[[ EXERCISE MATERIALS, beginning ]]

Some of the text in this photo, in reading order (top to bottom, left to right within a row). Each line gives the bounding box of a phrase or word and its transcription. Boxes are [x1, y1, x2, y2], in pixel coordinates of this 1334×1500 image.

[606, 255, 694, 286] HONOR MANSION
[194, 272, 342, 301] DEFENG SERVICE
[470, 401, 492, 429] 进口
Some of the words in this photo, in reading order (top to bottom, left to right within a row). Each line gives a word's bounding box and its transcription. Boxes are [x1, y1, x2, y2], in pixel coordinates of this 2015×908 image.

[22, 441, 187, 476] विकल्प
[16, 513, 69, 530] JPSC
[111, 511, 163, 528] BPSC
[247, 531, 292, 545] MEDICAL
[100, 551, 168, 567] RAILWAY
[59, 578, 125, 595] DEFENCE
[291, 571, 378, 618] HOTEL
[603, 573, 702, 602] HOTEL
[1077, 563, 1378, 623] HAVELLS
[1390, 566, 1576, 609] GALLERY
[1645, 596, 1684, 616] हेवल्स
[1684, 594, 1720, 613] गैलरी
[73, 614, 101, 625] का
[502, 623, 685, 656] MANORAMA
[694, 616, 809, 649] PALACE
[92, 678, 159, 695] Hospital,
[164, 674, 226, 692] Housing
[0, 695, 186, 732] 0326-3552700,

[[ EXERCISE MATERIALS, end ]]

Nothing but an exact reproduction of the entries is wanted.

Some of the text in this photo, in reading order (top to bottom, left to right within a row). Each line gives the bounding box of a phrase or word and its transcription. Boxes are [x1, y1, x2, y2], in pixel coordinates of this 1334×1500 image.

[606, 255, 694, 286] HONOR MANSION
[194, 272, 342, 301] DEFENG SERVICE
[470, 401, 492, 429] 进口
Some of the words in this photo, in reading order (top to bottom, left to right within a row). Each line gives a word's bounding box and its transcription. Boxes are [x1, y1, x2, y2], in pixel coordinates of this 2015×908 image.

[22, 441, 187, 476] विकल्प
[16, 513, 69, 530] JPSC
[111, 511, 163, 528] BPSC
[247, 531, 292, 545] MEDICAL
[100, 551, 168, 567] RAILWAY
[59, 578, 125, 595] DEFENCE
[291, 571, 378, 618] HOTEL
[603, 573, 702, 602] HOTEL
[1077, 563, 1378, 623] HAVELLS
[1390, 566, 1576, 609] GALLERY
[1645, 596, 1684, 616] हेवल्स
[1684, 594, 1720, 613] गैलरी
[73, 614, 101, 625] का
[502, 623, 685, 656] MANORAMA
[694, 616, 809, 649] PALACE
[92, 678, 159, 695] Hospital,
[164, 674, 226, 692] Housing
[0, 695, 186, 732] 0326-3552700,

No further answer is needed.